Innovations can involve the identification of novel materials for cathodes and anodes, and other related components. For example, particular elements can be replaced with cheaper, more abundant alternatives, such as using sodium ions in place of lithium ions to reduce overall cost. As noted, there were a number of patent applications published in 2023 which were classified as relating to compounds of nickel.

Similarly, new crystallographic structures which are more suitable for intercalation or other ionic movements can provide for more stable and safe systems. For example, LixCoO2 is a crystal structure which has been used as a cathode material for many decades. However, the CoO2 layers can distort or deform when the amount of lithium within the structure is high (for example, x is close to 1) or low (for example, x is close to 0), leading to a loss in storage capacity. Alternative structures which are more stable at high or low ionic concentrations can lead to longer lasting batteries with improved reliability and safety, which may also be able to handle higher charge rates. Further interesting areas in which developments have occurred include identifying structures which are suitable for use as solid electrolytes in solid-state batteries.

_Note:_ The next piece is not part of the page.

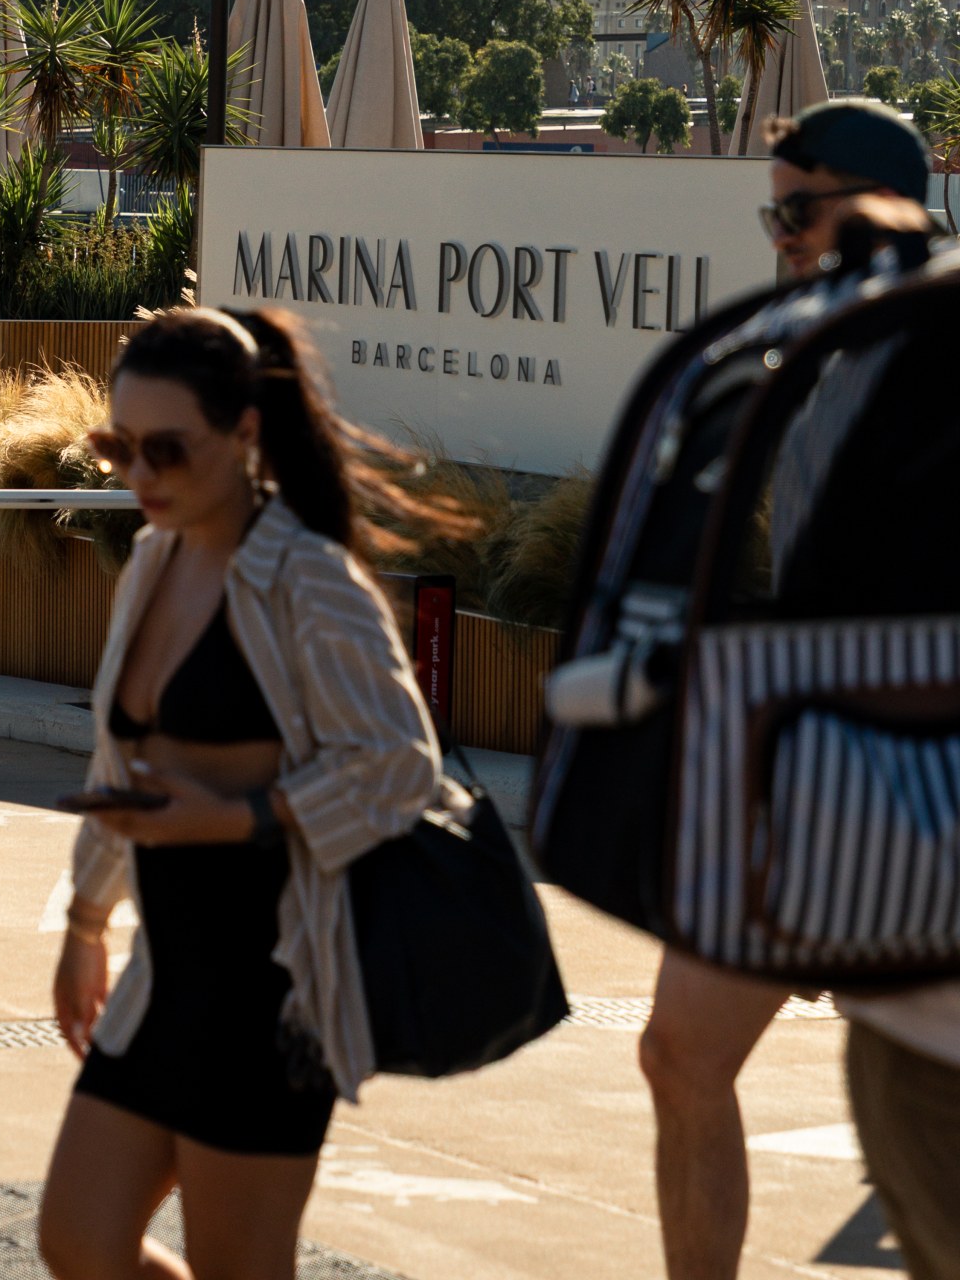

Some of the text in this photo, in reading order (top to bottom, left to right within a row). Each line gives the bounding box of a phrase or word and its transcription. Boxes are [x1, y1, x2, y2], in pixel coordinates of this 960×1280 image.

While these examples focus on the battery itself, further patentable innovations can relate to control functionality for battery systems and their application in particular devices or roles (for example, energy management technologies), or the related areas such as innovations relating to manufacturing or recycling and reusing batteries.

Exciting growth for a rapidly developing field

The rapid rise in battery-related patent applications underscores a growing drive towards sustainable power in the race to reach net zero. EPO statistics emphasise the areas in which developments have and may continue to be made. As for future innovation and patenting trends, we expect that the number of patent applications will continue to increase as innovation in this sector remains crucial role in pursuing net zero.